You need to evaluate the derivative of the composed function `h(x) = f(g(x))` , hence, you need to use the chain rule, such that:

`h'(x) = f'(g(x))*g'(x)`

You need to evaluate the derivative of the function `h(x)` at `x = 1` , such that:

`h'(1) = f'(g(1))*g'(1)`

The problem provides the values of `g(1) = 2` and `g'(1) = -2` , hence, you need to replace 2 for g(1) and -2 for `g'(1)` such that:

`h'(1) = f'(2)*(-2)`

The problem also provides the value of `f'(2) = 3` , such that:

`h'(1) = 3*(-2) => h'(1) = -6`

Hence, evaluating the derivative of the function `h(x)` ,  at `x = 1` ,  yields `h'(1) = -6` .

You also need to prove that the derivative of an even function is odd and derivative of an odd function is even.
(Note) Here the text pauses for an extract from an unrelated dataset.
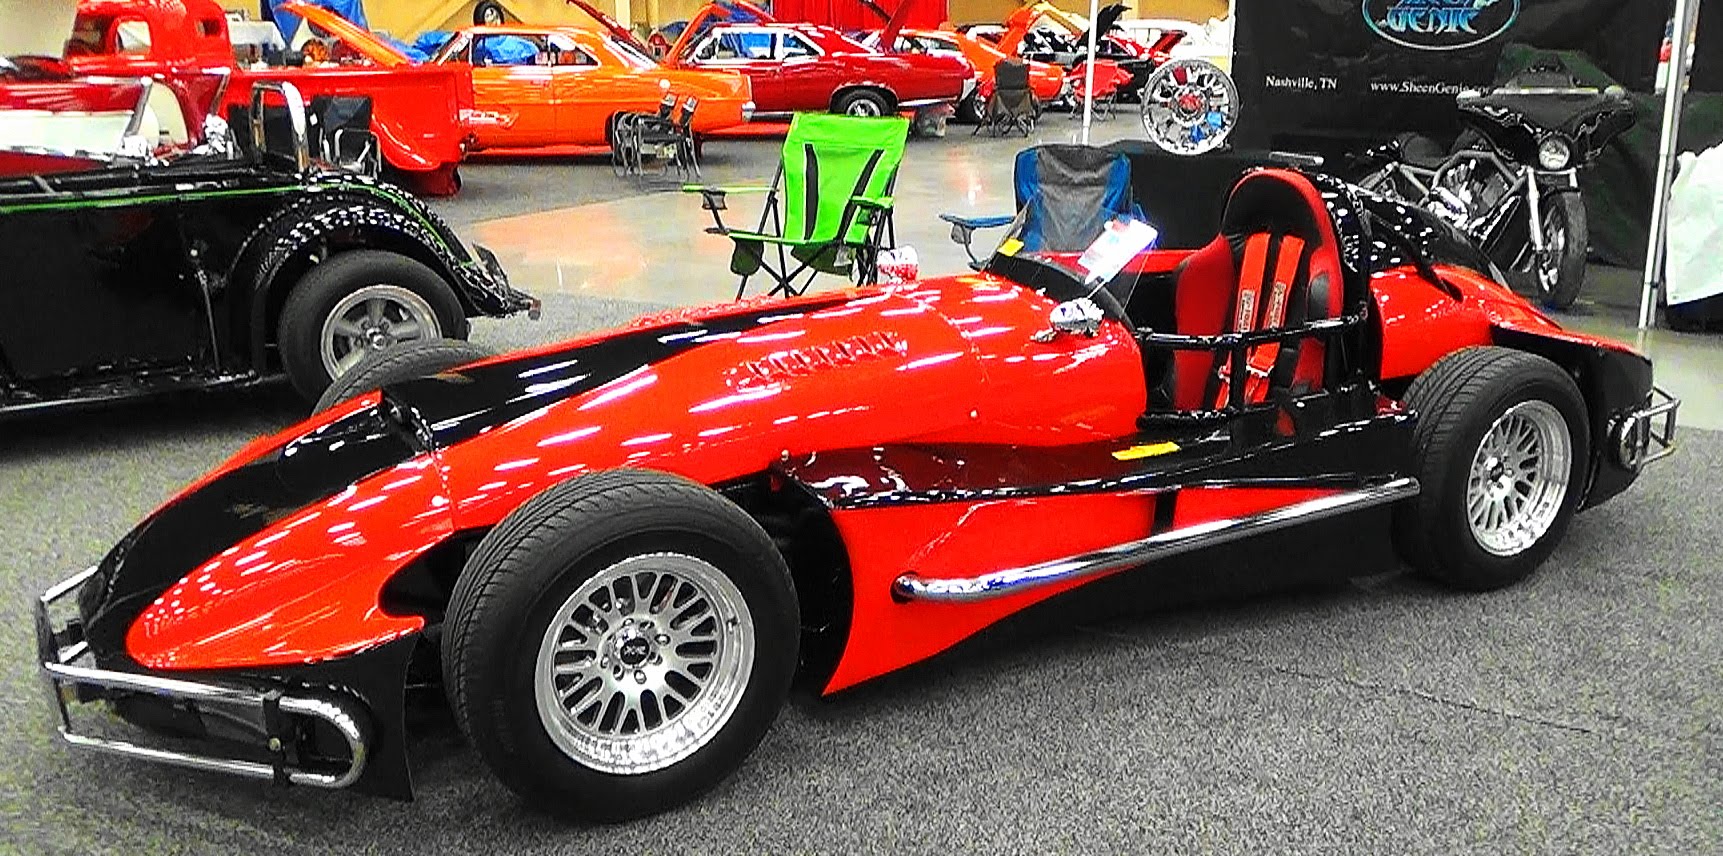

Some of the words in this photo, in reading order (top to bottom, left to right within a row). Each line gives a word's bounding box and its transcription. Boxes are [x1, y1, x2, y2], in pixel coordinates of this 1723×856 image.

You need to remember that the odd function follows the rule, such that:

`f(-x) = -f(x)`

Differentiating the function `f(-x)` , using the chain rule, yields:

`(f(-x))' = f'(-x)*(-x)' => (f(-x))' = f'(-x)*(-1)`

Replacing `-f(x)` for `f(-x)` yields:

`(-f(x))' = -f'(-x)` => `f'(x) = f'(-x)` even function

Hence, differentiating the odd function, using the chain rule, yields an even function.